[WHAT YOU WILL DO] Though the entries contain pictures, the copy you make should hold only the rest, exactly as written.

- - - -

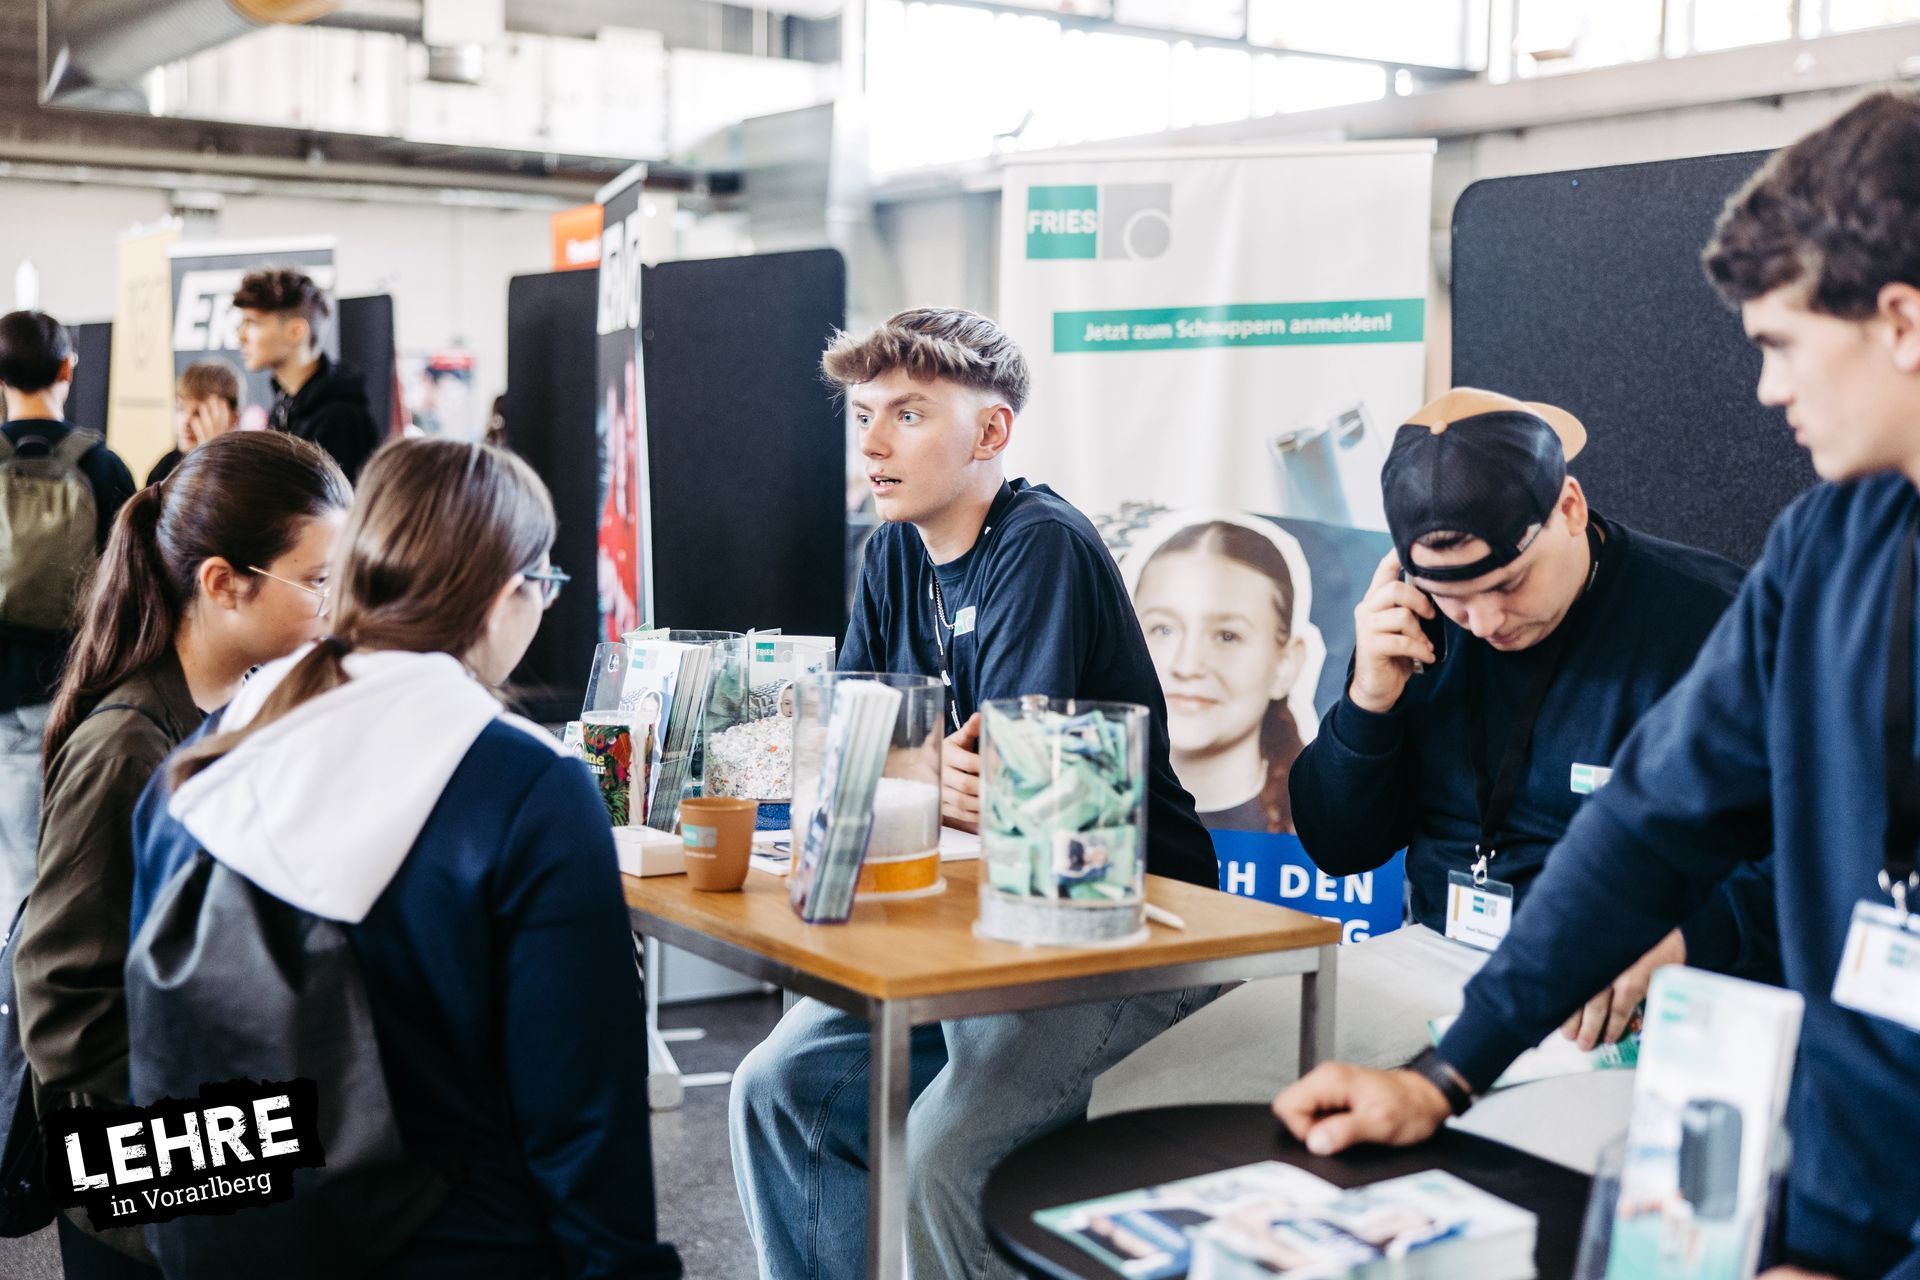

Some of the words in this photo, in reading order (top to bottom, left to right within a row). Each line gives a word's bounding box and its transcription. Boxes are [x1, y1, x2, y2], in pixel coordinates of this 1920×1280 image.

[1028, 208, 1097, 234] FRIES
[1084, 322, 1129, 342] Jetzt
[1132, 323, 1173, 340] zum
[1175, 317, 1287, 340] Schnuppern
[1289, 311, 1393, 335] anmelden!
[1280, 864, 1374, 905] DEN
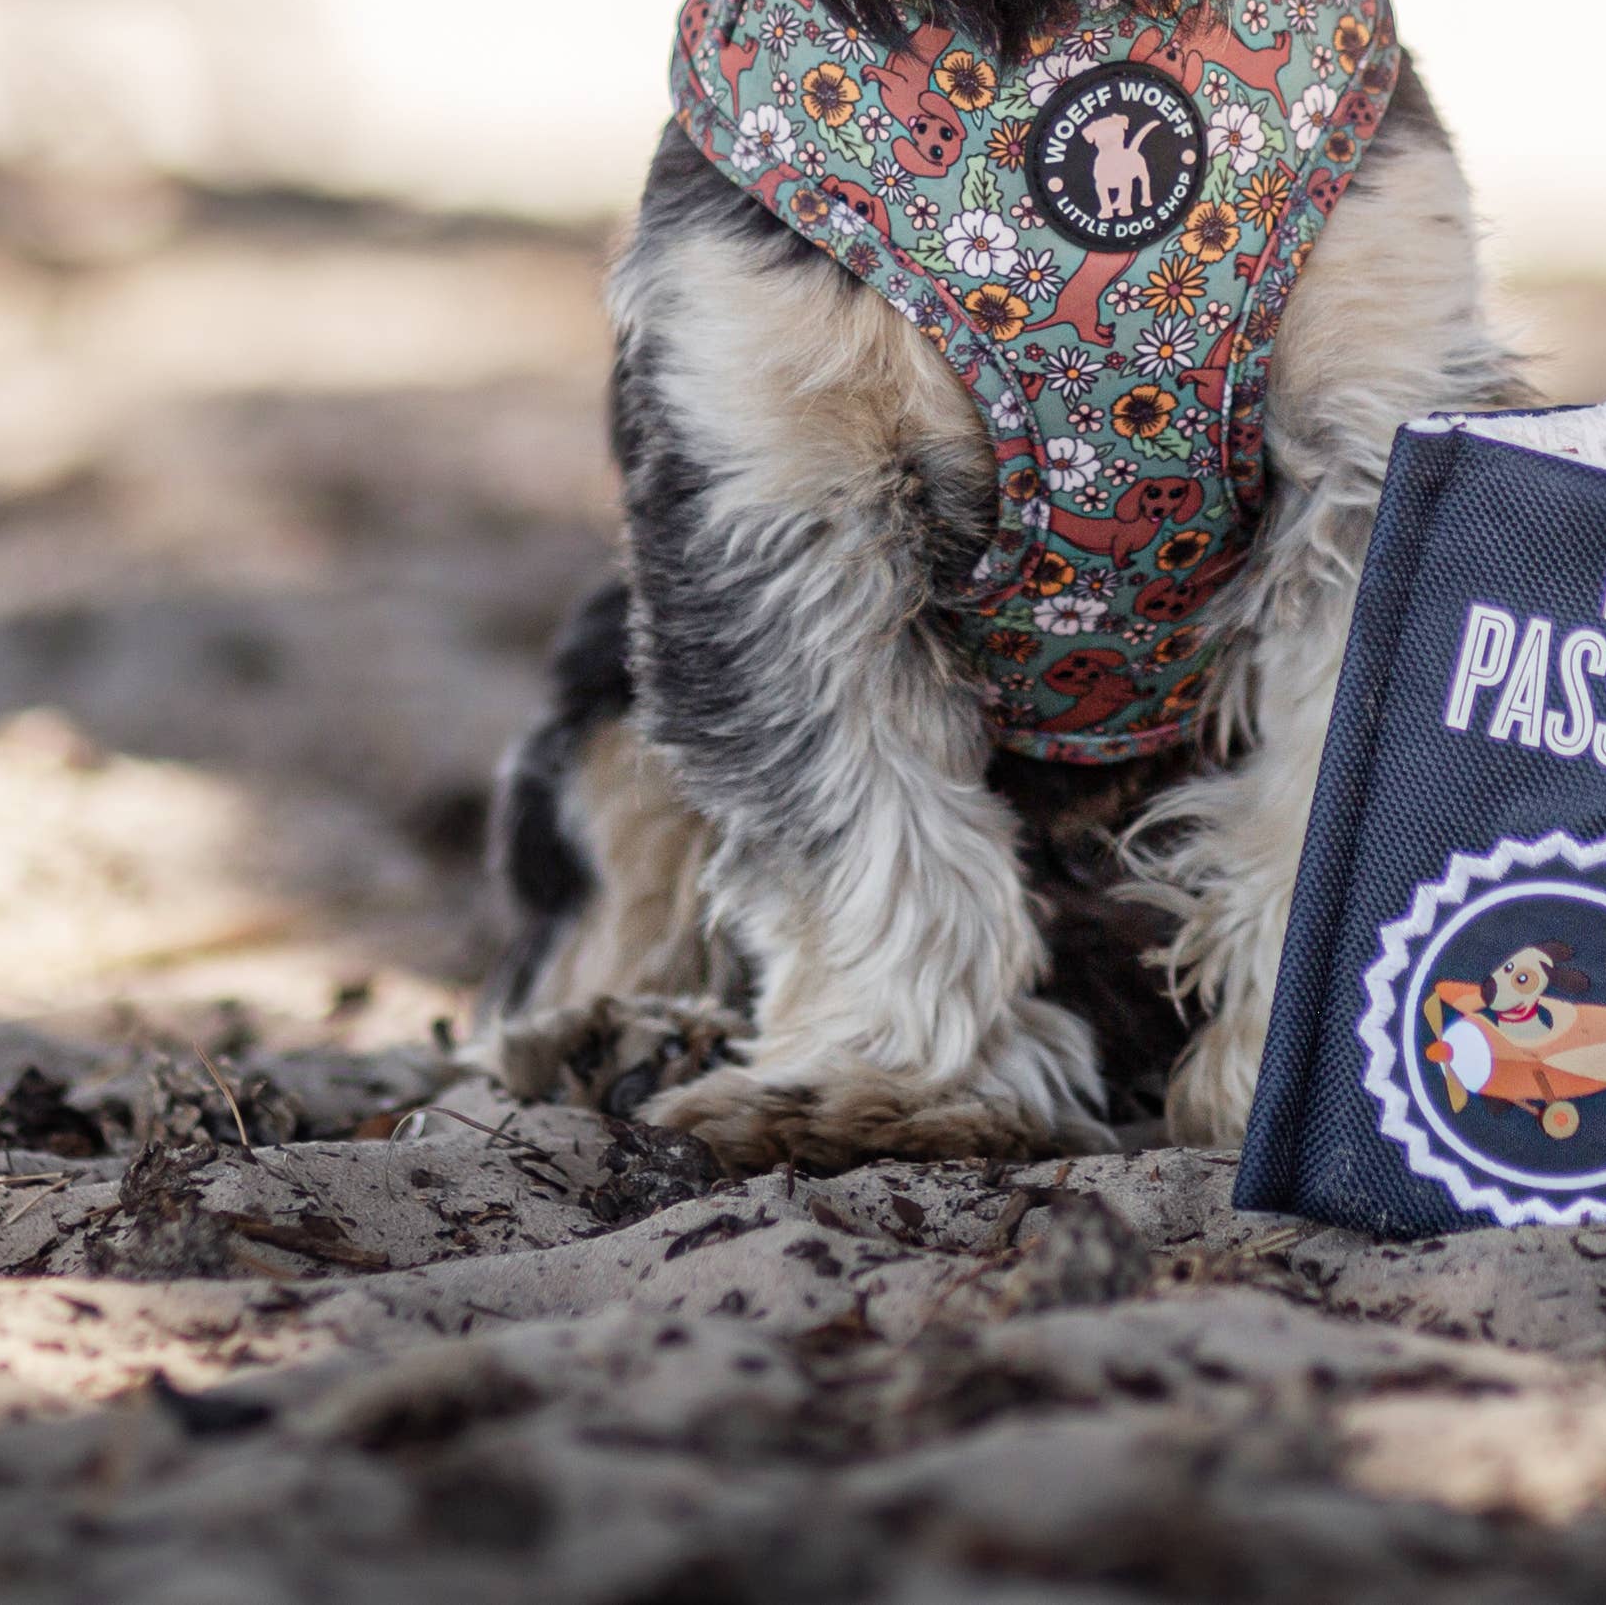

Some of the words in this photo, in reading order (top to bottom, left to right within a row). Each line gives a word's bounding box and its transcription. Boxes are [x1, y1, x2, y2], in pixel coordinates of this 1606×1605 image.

[1045, 85, 1113, 164] WOEFF
[1118, 82, 1194, 138] WOEFF
[1056, 196, 1110, 237] LITTLE
[1114, 216, 1155, 238] DOG
[1156, 172, 1191, 221] SHOP
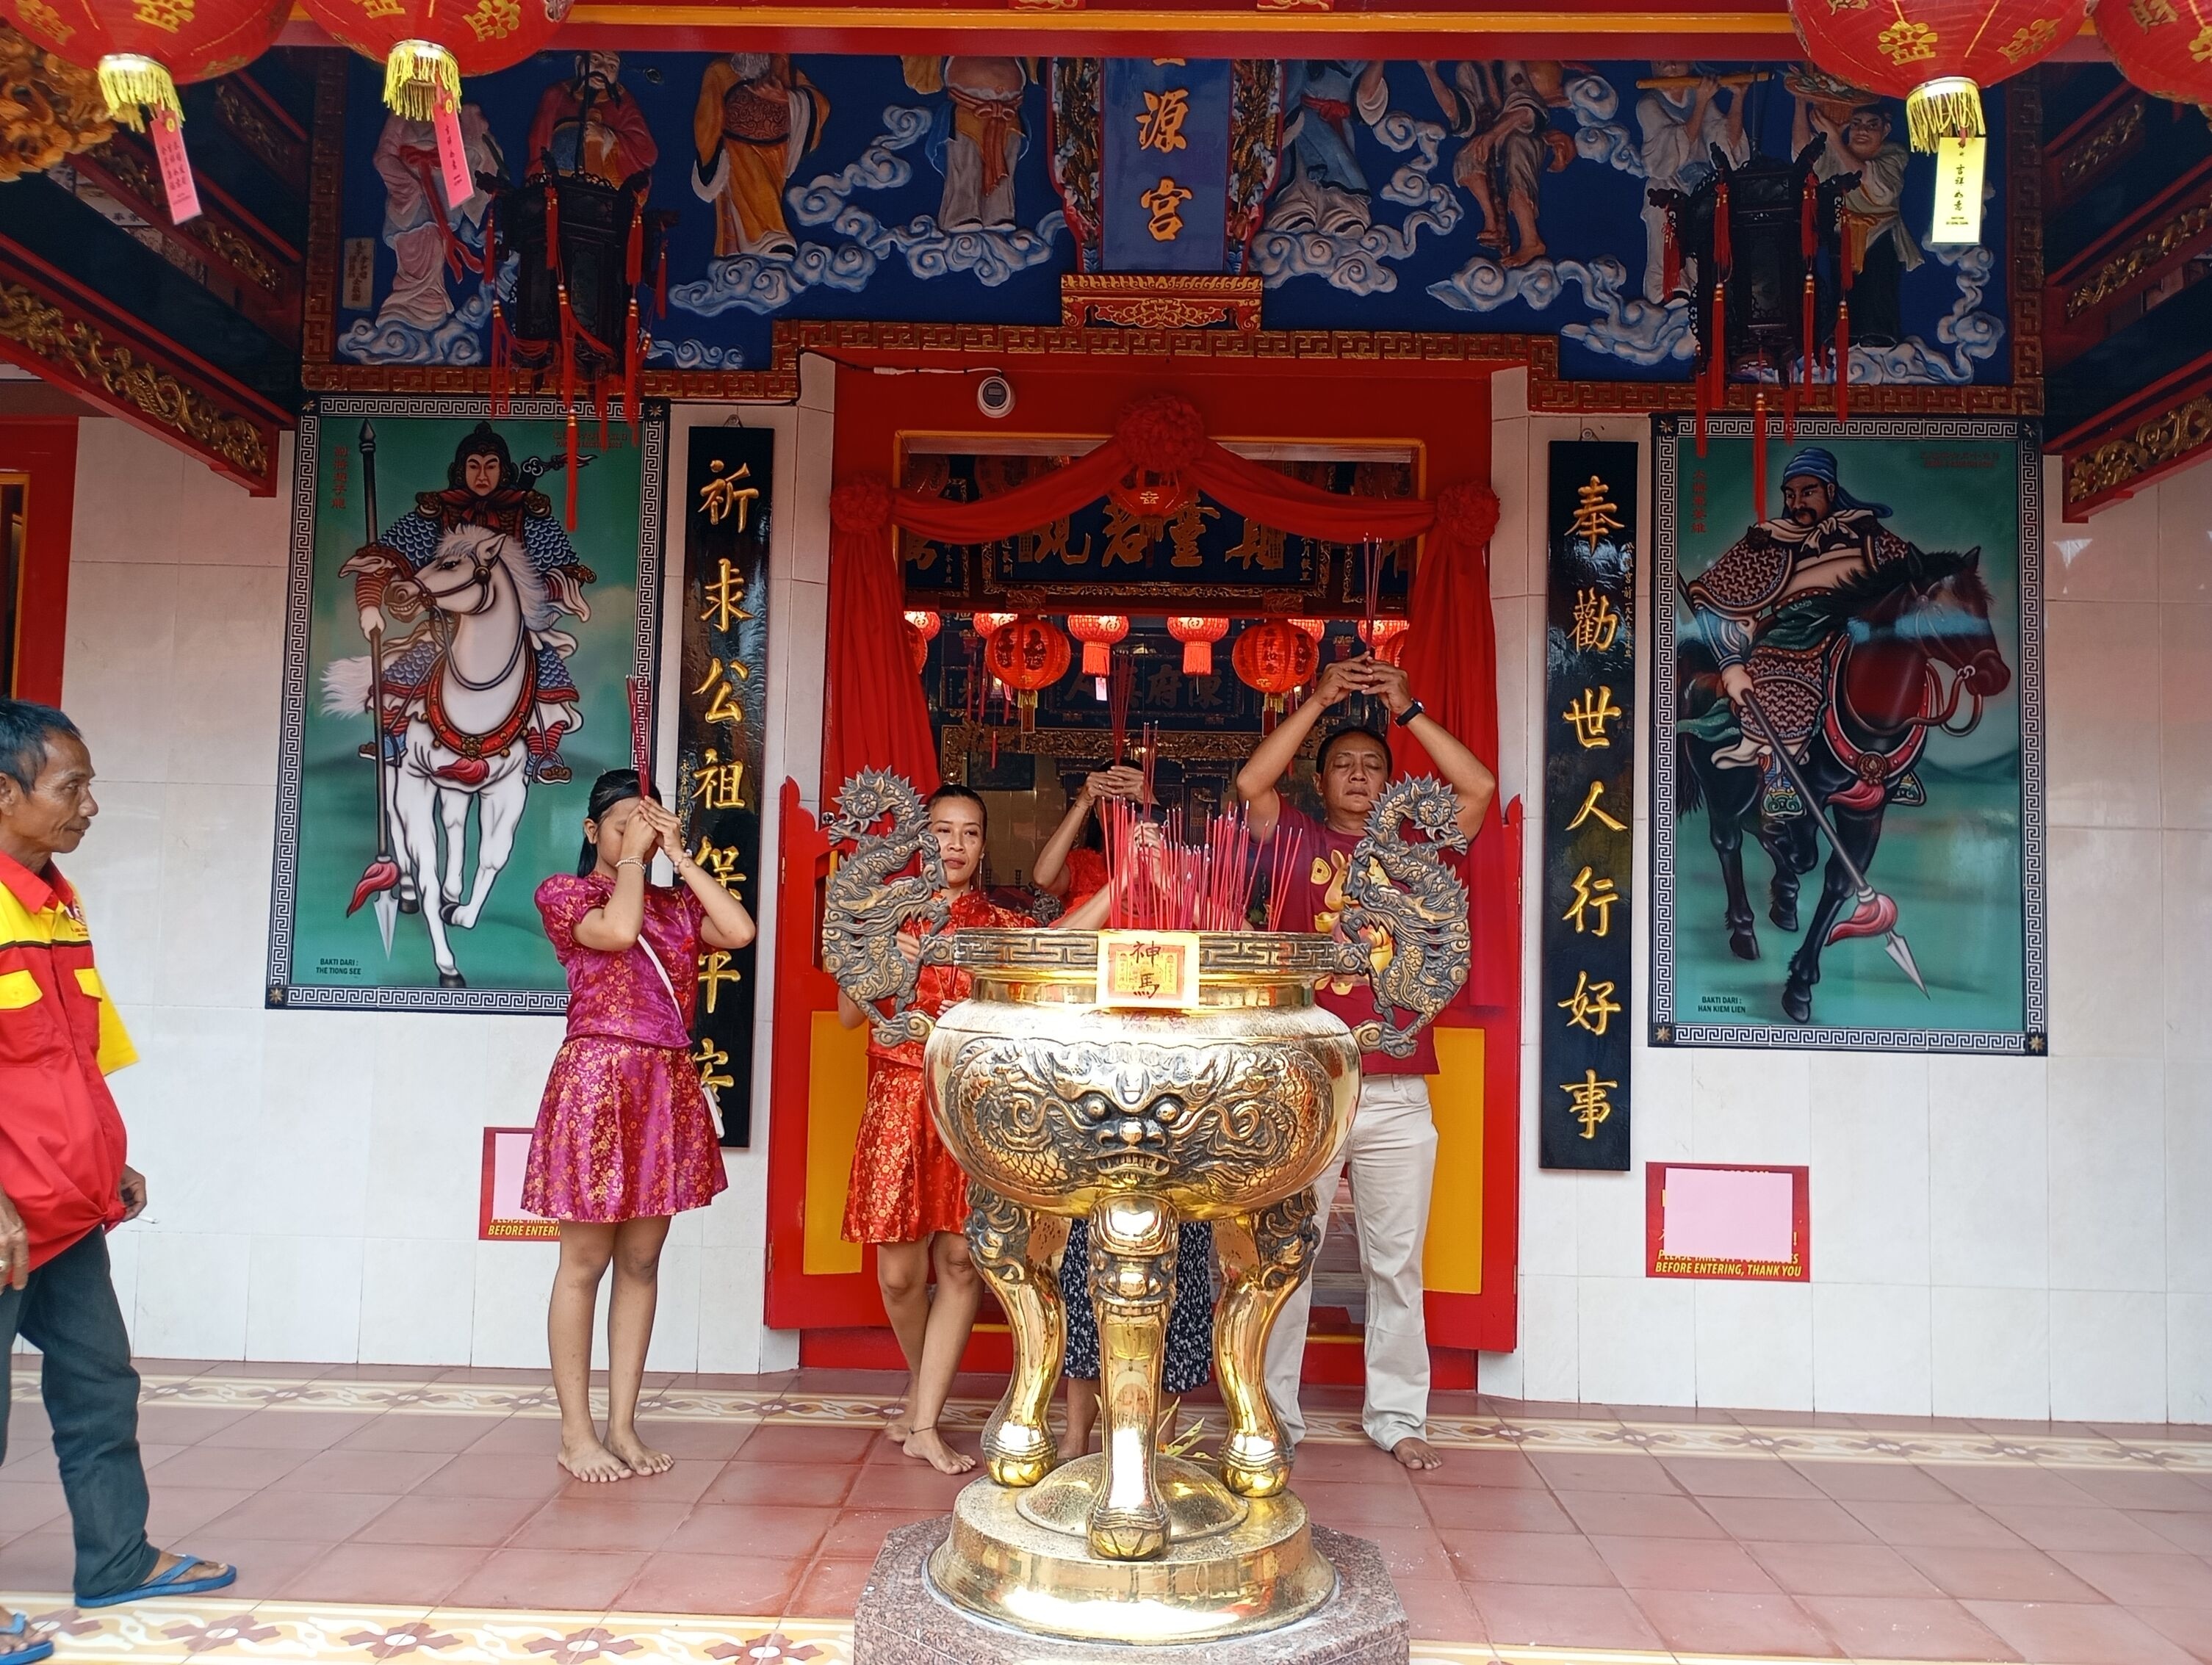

- - - -

[SOLUTION TO THIS EXERCISE]
Some of the words in this photo, in reading order (top to bottom, left to right within a row). Each line gives a word's bounding box and its transcription. Boxes are [x1, y1, x2, y2], in pixel coordinates of this 1920×1280 image.

[1028, 208, 1097, 234] FRIES
[1084, 322, 1129, 342] Jetzt
[1132, 323, 1173, 340] zum
[1175, 317, 1287, 340] Schnuppern
[1289, 311, 1393, 335] anmelden!
[1280, 864, 1374, 905] DEN

Some of the words in this photo, in reading order (top to bottom, left to right within a row). Each line gives a word's bounding box and its transcription. Boxes are [x1, y1, x2, y2], in pixel coordinates of this 1606×1605 image.

[1045, 85, 1113, 164] WOEFF
[1118, 82, 1194, 138] WOEFF
[1056, 196, 1110, 237] LITTLE
[1114, 216, 1155, 238] DOG
[1156, 172, 1191, 221] SHOP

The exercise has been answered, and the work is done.